# HDR Shootout #32... this one is a still life.



## 480sparky (Aug 31, 2011)

Bored to tears today... had an itchy trigger finger.  So I wasted some time doing this still life HDR Shootout.








Download the 7 images here:

EV -3
EV -2
EV -1
EV  0
EV +1
EV +2
EV +3


NOTICE:
Alignment might be an issue!  Also the EXIF data will not reflect true EVs.


----------



## cgipson1 (Sep 1, 2011)

Photomatix 4 - Enhancer Fusion preset... no other changes made.. I like this!  Love the eye! lol!


----------



## Bynx (Sep 1, 2011)

Ive always said every HDR with good tone mapping will improve any single shot image. This one really pops. Even I would say this doesnt need the HDR treatment, but it really helps, even in this situation. Thanks for this one Sparky.


----------



## Compaq (Sep 1, 2011)

Photomatix 4: details enhancer (can't remember the settings)

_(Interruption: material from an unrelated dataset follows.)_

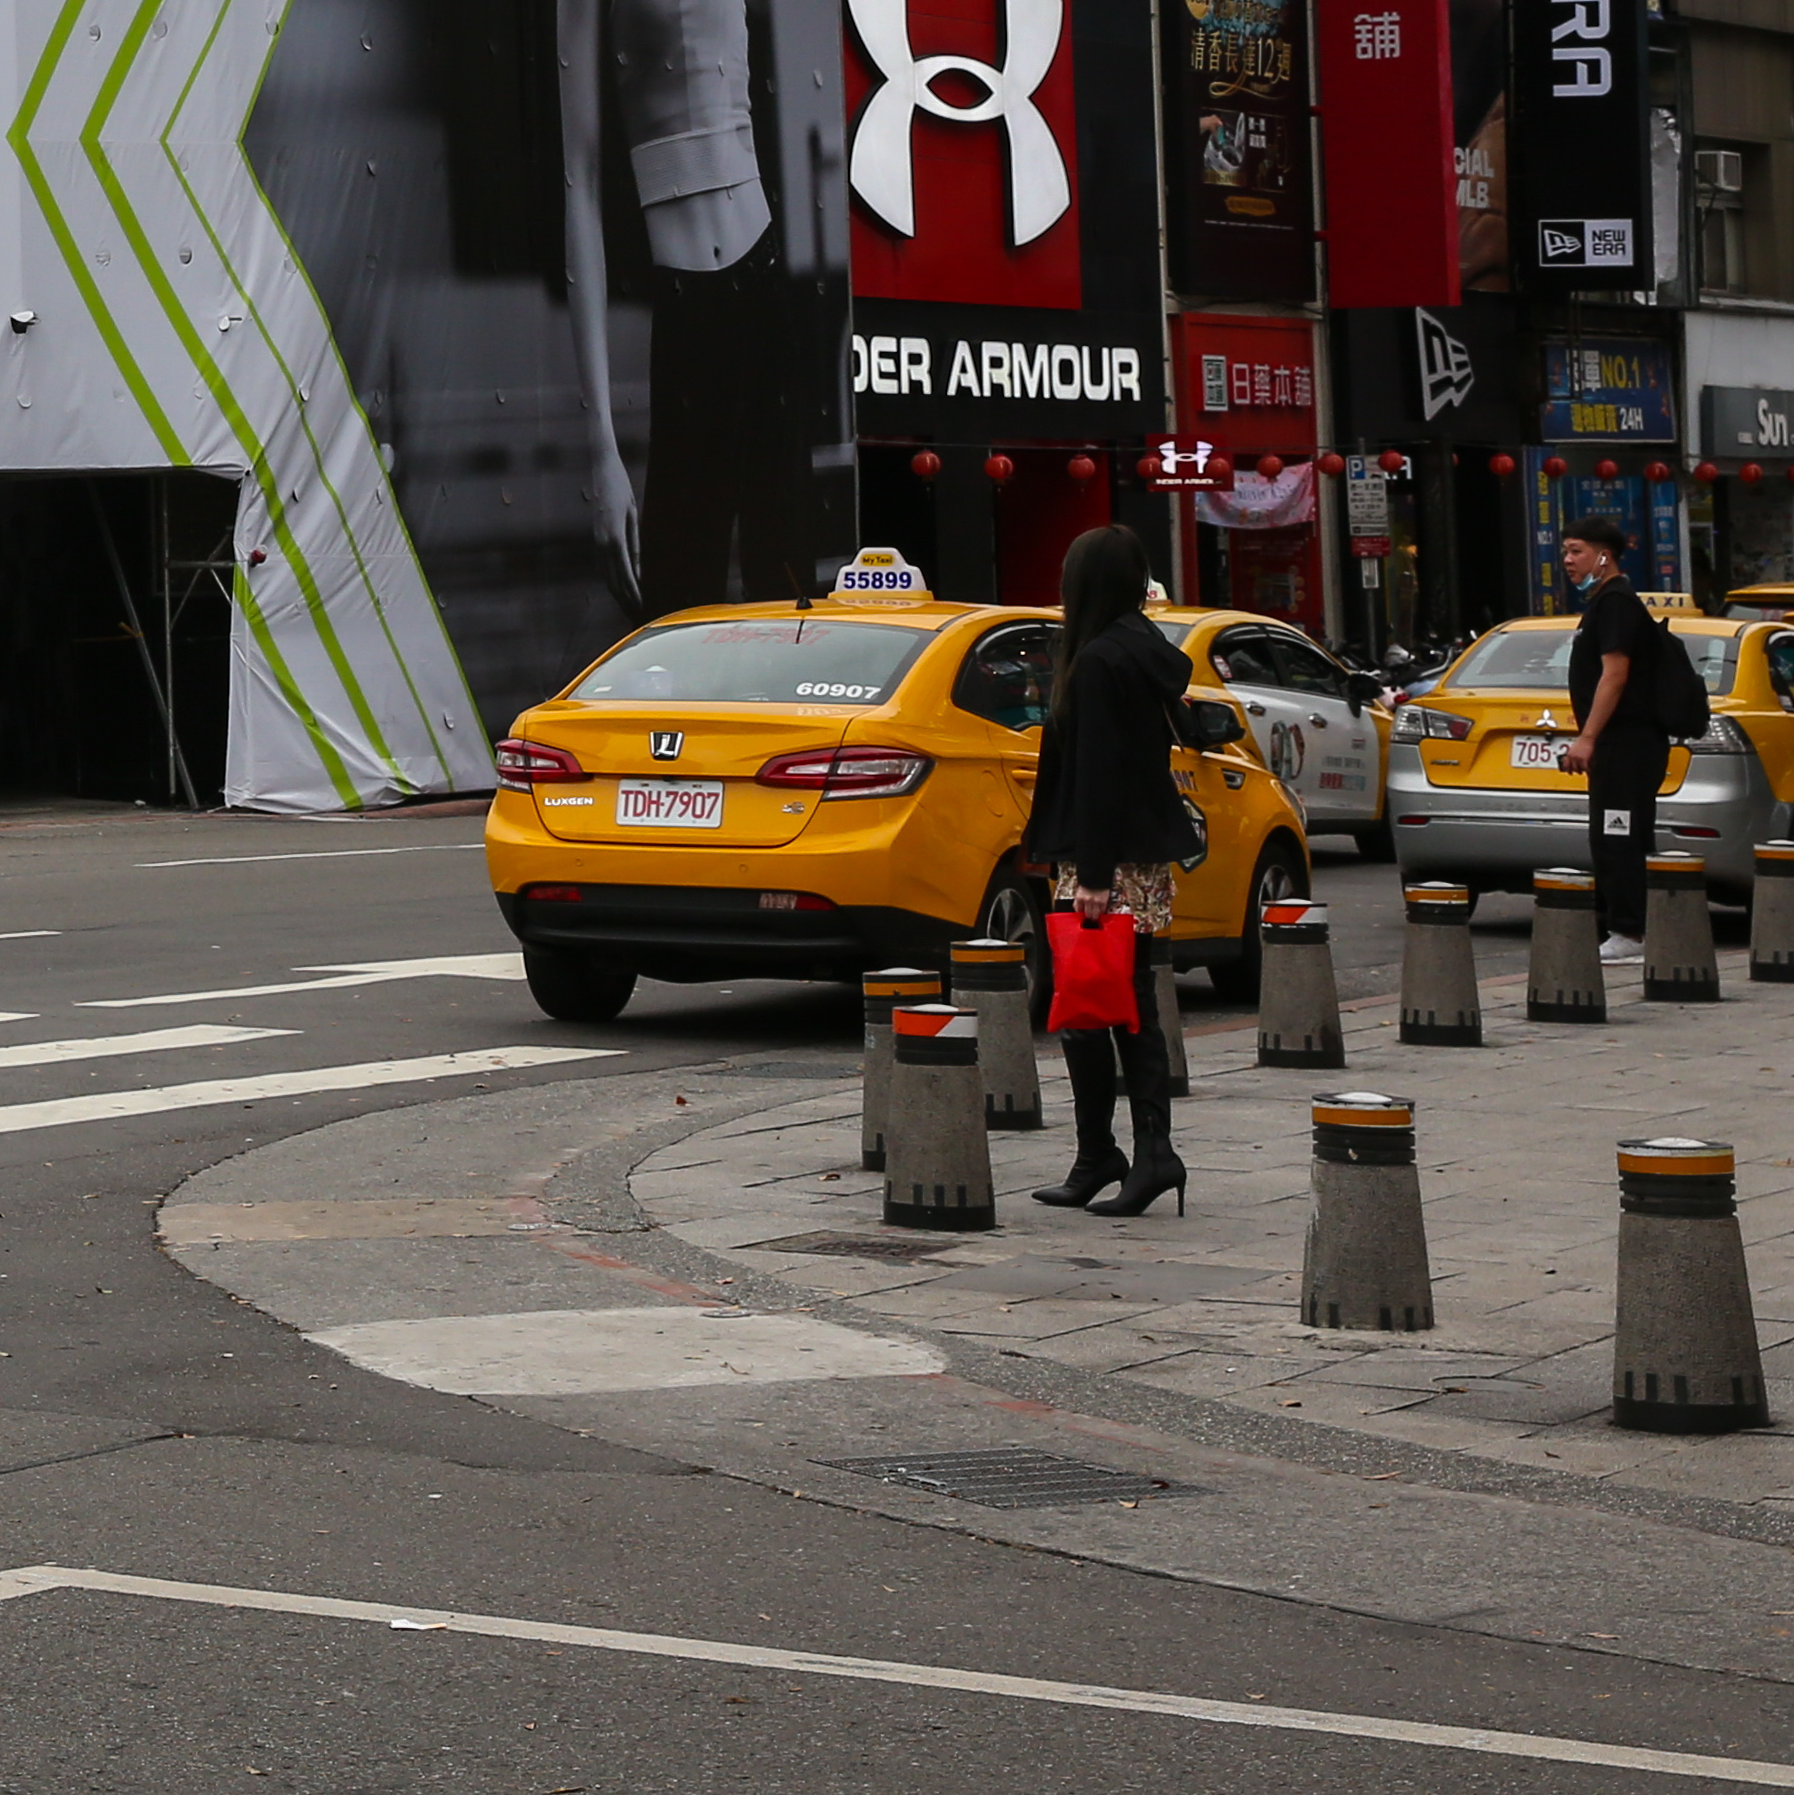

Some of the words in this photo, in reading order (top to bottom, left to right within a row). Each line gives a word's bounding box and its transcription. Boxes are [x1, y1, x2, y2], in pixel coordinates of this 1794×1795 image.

Photoshop: curves, colour balance, dodge, burn, sponge and selective sharpening





hdr shootout 32 by Bokehliciousness-ness, on Flickr


----------



## TinBird (Sep 13, 2011)

HDR creation: Picturenaut
Tone mapping: Picturenaut
Post processing: GIMP


----------



## mistermonday (Sep 13, 2011)

This image set is a good example where the use of HDR makes the job more challenging than non HDR is some respects. The ev0 image pretty well captures the dynamic range of the scene. Merging the bracketed images with HDR s/w causes some problems with the animal's shadow causing it to easily become unnaturally dark and/or with a strong halo that is difficult to attenuate. Processing the ev0 image is Adobe Camera RAW does a very good job but the result lacks local contrast / "pop".
Here is my Oloneo output:






For BYnx and others that may see the image as a blank, here is the direct link to the image in the TPF Gallery:
HDR_Shootout_32_LoRes - The Photo Forum Photo Gallery
Regards, Murray


----------